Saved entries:
⟨

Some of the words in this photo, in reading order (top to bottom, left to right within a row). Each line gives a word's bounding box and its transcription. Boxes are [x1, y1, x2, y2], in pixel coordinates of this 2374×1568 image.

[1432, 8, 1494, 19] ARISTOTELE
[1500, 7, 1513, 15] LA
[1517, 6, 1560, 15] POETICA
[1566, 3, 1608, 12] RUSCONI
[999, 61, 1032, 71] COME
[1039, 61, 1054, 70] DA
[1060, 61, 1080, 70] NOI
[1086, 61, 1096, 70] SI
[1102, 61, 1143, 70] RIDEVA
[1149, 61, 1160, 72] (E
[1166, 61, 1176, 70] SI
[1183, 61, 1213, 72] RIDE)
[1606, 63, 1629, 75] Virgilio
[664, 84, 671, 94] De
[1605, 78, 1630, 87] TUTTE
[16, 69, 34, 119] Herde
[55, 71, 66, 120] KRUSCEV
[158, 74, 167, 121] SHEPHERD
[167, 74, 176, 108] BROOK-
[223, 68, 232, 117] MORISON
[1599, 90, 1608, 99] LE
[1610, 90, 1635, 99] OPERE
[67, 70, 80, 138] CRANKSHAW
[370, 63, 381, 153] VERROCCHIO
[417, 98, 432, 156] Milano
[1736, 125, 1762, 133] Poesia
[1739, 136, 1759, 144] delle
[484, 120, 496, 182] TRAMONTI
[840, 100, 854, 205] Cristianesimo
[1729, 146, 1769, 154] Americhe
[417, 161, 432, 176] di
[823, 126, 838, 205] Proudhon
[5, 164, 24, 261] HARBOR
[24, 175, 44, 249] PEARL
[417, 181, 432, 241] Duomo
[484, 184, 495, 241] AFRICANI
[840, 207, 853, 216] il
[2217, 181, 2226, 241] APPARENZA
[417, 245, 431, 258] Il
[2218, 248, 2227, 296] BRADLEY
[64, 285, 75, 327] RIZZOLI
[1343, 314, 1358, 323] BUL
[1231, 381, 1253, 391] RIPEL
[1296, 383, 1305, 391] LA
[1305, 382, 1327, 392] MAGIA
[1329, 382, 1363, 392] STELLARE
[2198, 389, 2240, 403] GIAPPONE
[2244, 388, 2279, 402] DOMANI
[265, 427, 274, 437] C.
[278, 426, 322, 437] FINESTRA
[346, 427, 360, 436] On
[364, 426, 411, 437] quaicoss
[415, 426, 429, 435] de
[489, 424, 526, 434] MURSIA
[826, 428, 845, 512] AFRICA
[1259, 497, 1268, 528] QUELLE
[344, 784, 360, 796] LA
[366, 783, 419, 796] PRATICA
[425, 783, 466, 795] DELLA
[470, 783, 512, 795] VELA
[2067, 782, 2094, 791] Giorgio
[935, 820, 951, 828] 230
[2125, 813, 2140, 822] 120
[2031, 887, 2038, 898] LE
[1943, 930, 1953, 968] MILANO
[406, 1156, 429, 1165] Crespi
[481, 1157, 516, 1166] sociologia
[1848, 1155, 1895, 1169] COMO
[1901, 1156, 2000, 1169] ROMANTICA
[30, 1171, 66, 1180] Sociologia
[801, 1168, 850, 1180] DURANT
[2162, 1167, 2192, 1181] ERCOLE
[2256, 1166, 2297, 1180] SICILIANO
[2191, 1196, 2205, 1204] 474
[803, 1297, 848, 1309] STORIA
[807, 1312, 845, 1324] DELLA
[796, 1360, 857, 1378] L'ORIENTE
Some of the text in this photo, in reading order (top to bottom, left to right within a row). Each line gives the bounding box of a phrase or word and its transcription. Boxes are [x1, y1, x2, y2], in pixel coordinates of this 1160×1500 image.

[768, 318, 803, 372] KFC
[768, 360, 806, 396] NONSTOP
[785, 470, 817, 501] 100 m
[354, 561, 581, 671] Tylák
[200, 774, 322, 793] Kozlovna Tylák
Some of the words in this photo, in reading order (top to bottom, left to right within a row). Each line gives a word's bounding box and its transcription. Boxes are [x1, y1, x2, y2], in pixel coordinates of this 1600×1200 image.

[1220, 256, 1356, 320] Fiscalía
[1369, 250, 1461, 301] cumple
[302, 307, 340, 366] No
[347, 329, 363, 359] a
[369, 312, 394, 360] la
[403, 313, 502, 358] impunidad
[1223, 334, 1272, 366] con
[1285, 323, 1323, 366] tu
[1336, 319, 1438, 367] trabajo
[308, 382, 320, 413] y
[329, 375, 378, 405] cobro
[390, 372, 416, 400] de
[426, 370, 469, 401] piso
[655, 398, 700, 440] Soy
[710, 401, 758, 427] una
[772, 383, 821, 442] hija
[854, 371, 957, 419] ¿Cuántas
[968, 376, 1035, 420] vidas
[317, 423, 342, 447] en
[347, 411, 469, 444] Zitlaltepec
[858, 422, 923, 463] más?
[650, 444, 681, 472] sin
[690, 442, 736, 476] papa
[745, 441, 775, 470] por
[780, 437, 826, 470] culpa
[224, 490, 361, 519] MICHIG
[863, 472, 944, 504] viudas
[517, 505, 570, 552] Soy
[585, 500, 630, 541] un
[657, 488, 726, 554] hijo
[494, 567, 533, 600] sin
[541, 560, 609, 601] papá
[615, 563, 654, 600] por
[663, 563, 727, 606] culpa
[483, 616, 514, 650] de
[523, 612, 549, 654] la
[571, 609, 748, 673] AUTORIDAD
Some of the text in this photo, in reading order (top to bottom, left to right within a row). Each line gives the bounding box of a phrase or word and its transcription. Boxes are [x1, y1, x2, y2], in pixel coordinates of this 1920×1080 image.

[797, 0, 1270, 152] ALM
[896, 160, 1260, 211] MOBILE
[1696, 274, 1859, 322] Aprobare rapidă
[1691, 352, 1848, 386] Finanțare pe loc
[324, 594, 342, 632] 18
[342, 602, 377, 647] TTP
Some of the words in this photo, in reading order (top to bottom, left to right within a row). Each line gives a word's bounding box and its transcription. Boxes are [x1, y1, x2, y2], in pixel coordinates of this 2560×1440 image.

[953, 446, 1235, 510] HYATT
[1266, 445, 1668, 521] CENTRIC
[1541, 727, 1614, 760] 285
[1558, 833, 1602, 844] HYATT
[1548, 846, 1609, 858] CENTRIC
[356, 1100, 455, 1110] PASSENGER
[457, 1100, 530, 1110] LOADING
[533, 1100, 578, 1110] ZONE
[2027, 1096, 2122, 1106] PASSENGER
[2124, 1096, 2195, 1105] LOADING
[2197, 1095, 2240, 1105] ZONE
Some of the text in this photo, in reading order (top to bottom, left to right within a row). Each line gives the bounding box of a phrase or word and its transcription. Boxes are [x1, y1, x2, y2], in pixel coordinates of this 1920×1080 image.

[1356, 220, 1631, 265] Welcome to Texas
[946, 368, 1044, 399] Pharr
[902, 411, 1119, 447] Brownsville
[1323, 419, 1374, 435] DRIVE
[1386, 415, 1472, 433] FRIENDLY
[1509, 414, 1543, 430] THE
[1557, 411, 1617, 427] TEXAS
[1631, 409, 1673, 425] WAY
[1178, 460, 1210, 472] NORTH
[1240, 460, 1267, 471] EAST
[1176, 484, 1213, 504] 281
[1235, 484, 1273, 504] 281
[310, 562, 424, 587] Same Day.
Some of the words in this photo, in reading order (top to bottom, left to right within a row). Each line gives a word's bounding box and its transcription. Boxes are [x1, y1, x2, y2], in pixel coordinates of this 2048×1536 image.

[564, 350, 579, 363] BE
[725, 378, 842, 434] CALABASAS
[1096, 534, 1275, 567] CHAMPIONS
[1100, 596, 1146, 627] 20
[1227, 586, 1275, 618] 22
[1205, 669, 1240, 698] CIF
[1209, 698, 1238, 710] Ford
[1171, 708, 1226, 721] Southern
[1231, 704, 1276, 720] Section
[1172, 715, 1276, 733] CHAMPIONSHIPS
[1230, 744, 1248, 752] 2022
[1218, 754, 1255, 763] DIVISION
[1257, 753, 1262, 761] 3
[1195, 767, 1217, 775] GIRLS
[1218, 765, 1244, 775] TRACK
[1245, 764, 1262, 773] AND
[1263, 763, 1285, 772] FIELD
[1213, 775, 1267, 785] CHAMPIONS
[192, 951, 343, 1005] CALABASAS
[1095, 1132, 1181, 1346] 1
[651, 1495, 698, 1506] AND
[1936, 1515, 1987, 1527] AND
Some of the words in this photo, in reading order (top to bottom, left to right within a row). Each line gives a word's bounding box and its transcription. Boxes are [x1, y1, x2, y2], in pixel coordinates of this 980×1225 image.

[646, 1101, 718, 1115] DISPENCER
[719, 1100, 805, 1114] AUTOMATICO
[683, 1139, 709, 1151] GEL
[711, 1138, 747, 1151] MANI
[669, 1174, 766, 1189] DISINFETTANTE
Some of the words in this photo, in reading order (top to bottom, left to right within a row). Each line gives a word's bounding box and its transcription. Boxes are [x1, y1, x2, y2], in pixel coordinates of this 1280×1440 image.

⟩

Return, without any change, only the lines from the one containing "this 980×1225 image." through the last line of the entries above.

Some of the words in this photo, in reading order (top to bottom, left to right within a row). Each line gives a word's bounding box and its transcription. Boxes are [x1, y1, x2, y2], in pixel coordinates of this 980×1225 image.

[646, 1101, 718, 1115] DISPENCER
[719, 1100, 805, 1114] AUTOMATICO
[683, 1139, 709, 1151] GEL
[711, 1138, 747, 1151] MANI
[669, 1174, 766, 1189] DISINFETTANTE
Some of the words in this photo, in reading order (top to bottom, left to right within a row). Each line gives a word's bounding box and its transcription. Boxes are [x1, y1, x2, y2], in pixel coordinates of this 1280×1440 image.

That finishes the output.